Текст приносят. Глава Верховного Совета России уезжает в Белый Дом. Кажется, – на частной машине. Чтоб не опознали.

Я стал настаивать: нужно прорываться за Хасбулатовым. Есть ли другая дорога? (Очень боюсь тех десантников на повороте к Кольцевой). Говорят, – другой нет. Если только пешком.

Я: – Все-таки это президентский кортеж... Давайте выставим государственный флаг – и в путь. Только быстрей!

Борису Николаевичу надели бронежилет. Дочь его сказала: «Папа, успокойся, теперь все зависит только от тебя».

Впрочем, явных признаков волнения никто не выказывал. Даже жена президента, Наина Иосифовна.

Спрашиваю у Ельцина, нужен ли я в Белом Доме или могу вернуться в Ленинград? Он говорит: «Езжай». Уточняю: «Но до Кутузовского я за вами, а там – по обстановке». Если проскочим – мне назад, на Кольцевую и в Шереметьево.
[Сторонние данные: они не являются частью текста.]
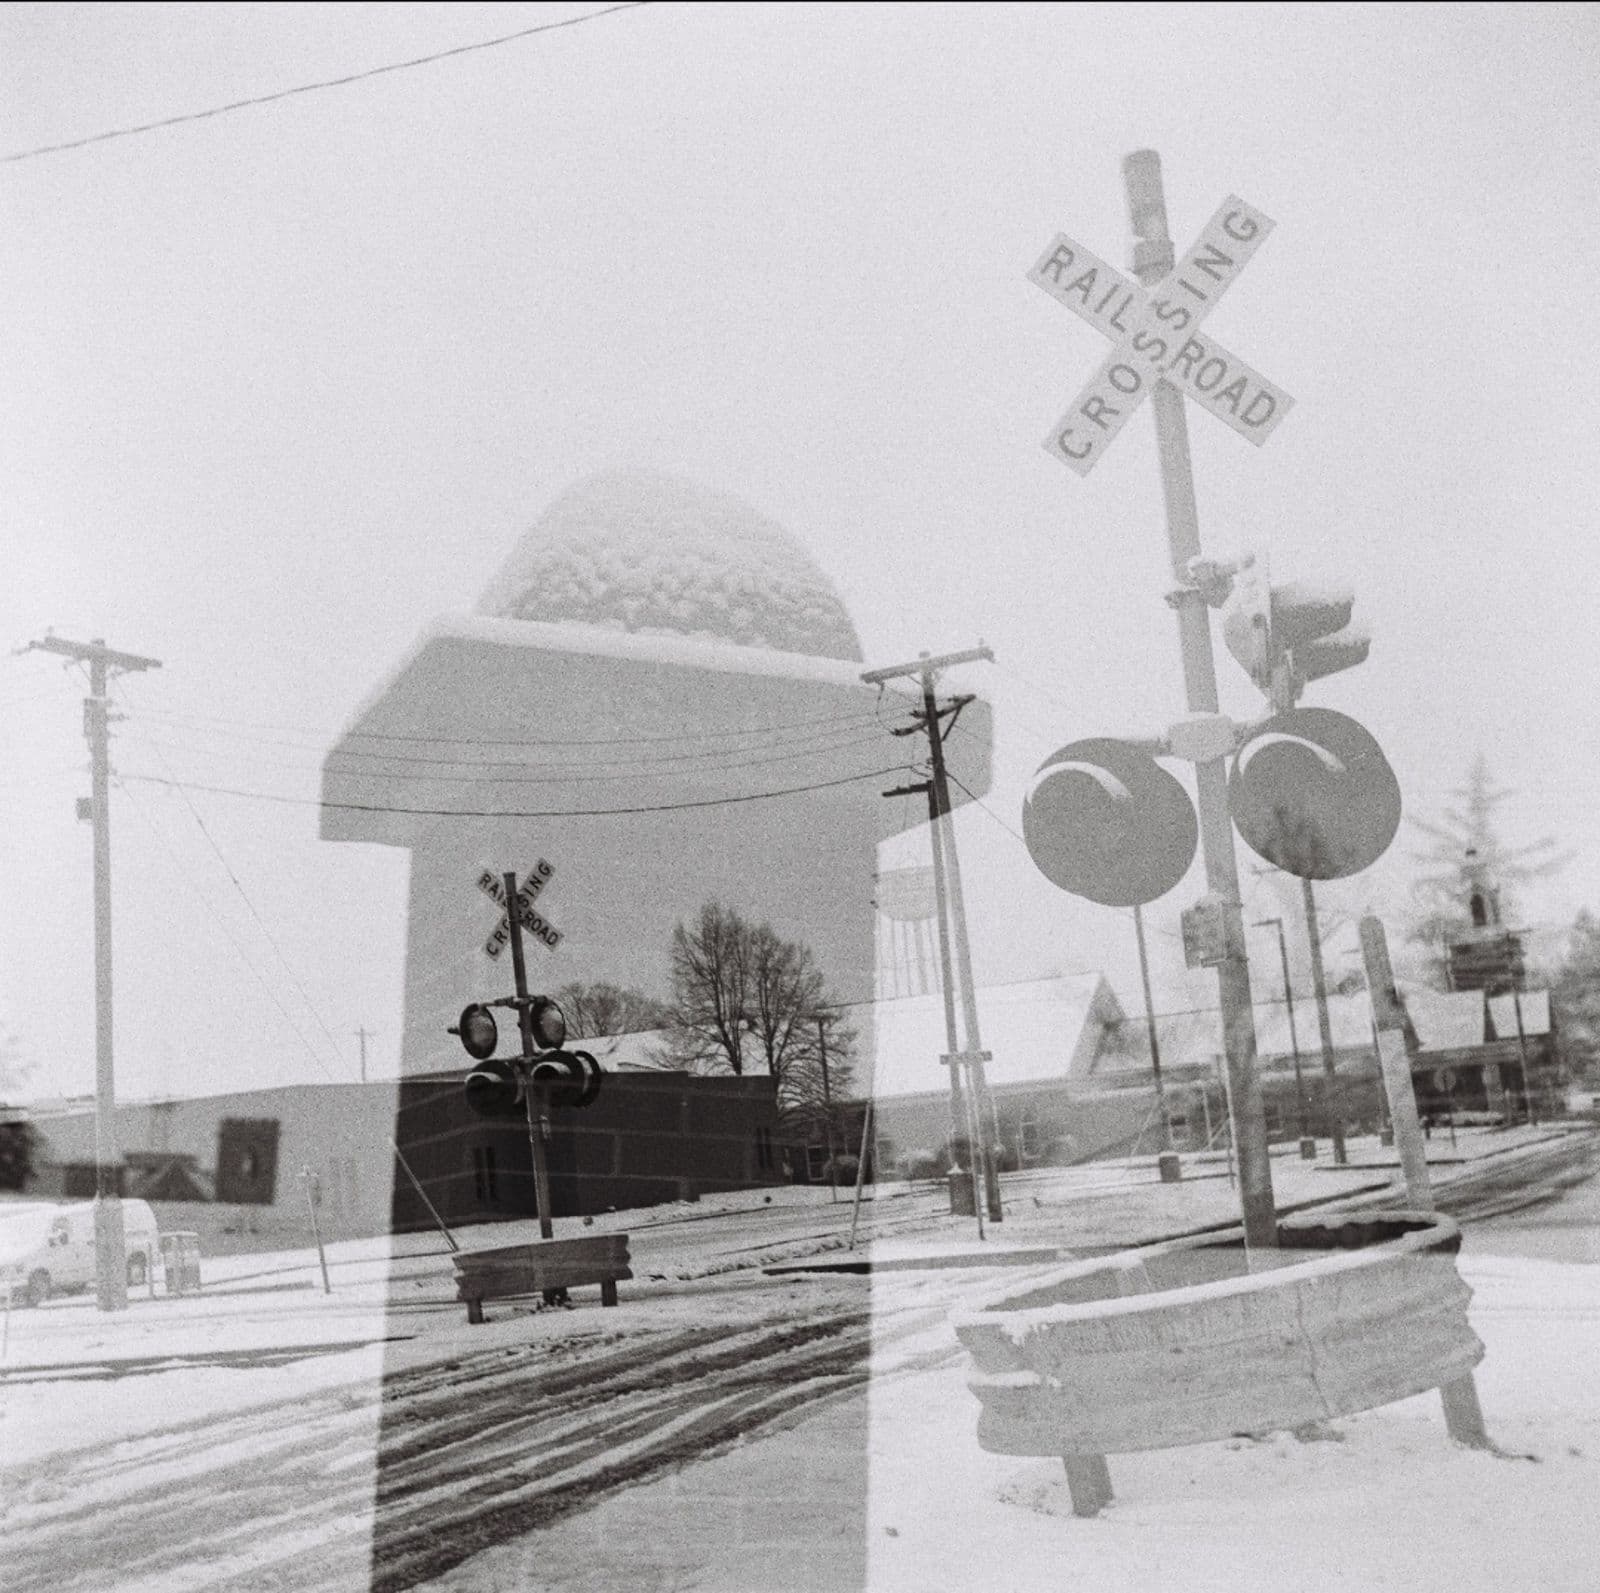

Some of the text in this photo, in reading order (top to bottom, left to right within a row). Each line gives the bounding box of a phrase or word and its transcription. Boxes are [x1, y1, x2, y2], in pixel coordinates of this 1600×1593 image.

[1040, 244, 1277, 428] RAIL ROAD
[1058, 211, 1258, 460] CROSSING
[479, 873, 559, 946] RAI ROAD
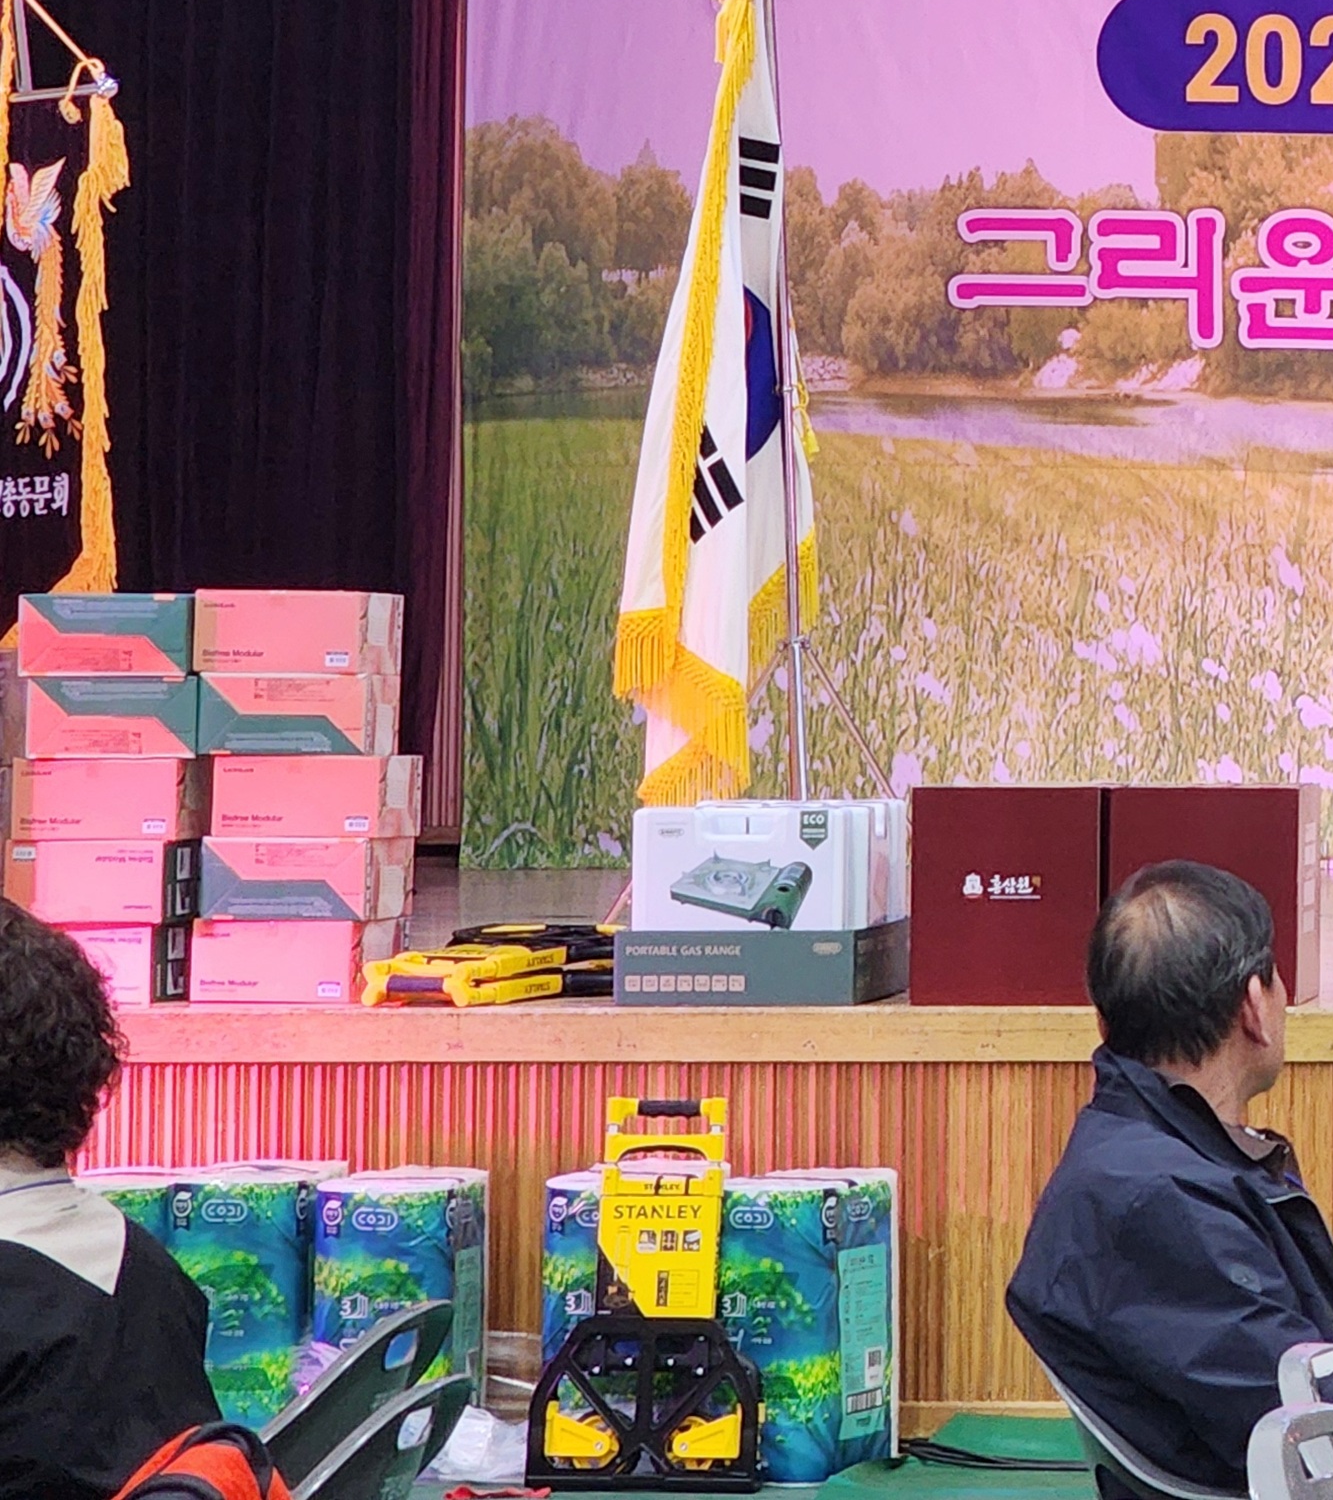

Слава Богу, десантников уже нет. То ли поехали нас брать, и мы разминулись, то ли это другая группа захвата опоздала на усовскую дачу (как потом узнали мы) на десять минут.

Едем быстро. Впереди ГАИ, и потому машины уступают нам дорогу. Танки и бронетранспортеры – не исключение. Машины сопровождения прикрывают автомобиль Ельцина с боков. Кольцевую проскакиваем за несколько минут. Дальше – Рублевка. Это узкое шоссе, но и здесь бронетраспортеры, завидя нас, съезжают на обочину. Хорошо, что их немного.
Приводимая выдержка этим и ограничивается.